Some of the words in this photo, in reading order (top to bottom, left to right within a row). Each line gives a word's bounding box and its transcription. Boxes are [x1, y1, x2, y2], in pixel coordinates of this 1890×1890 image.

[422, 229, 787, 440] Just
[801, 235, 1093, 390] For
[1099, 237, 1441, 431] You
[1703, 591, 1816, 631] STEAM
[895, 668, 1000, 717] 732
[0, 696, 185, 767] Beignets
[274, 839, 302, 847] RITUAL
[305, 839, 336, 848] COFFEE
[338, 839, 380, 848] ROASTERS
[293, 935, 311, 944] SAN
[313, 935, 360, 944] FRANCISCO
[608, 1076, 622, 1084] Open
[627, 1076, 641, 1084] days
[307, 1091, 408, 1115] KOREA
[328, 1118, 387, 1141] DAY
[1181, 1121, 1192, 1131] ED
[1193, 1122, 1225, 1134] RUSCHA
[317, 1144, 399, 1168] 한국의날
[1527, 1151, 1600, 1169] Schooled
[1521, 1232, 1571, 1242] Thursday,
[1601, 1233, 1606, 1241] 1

▸ Your goal:
Every record above must be repeated word for word.

▸ Task result:
Some of the words in this photo, in reading order (top to bottom, left to right within a row). Each line gives a word's bounding box and its transcription. Boxes are [x1, y1, x2, y2], in pixel coordinates of this 1890×1890 image.

[422, 229, 787, 440] Just
[801, 235, 1093, 390] For
[1099, 237, 1441, 431] You
[1703, 591, 1816, 631] STEAM
[895, 668, 1000, 717] 732
[0, 696, 185, 767] Beignets
[274, 839, 302, 847] RITUAL
[305, 839, 336, 848] COFFEE
[338, 839, 380, 848] ROASTERS
[293, 935, 311, 944] SAN
[313, 935, 360, 944] FRANCISCO
[608, 1076, 622, 1084] Open
[627, 1076, 641, 1084] days
[307, 1091, 408, 1115] KOREA
[328, 1118, 387, 1141] DAY
[1181, 1121, 1192, 1131] ED
[1193, 1122, 1225, 1134] RUSCHA
[317, 1144, 399, 1168] 한국의날
[1527, 1151, 1600, 1169] Schooled
[1521, 1232, 1571, 1242] Thursday,
[1601, 1233, 1606, 1241] 1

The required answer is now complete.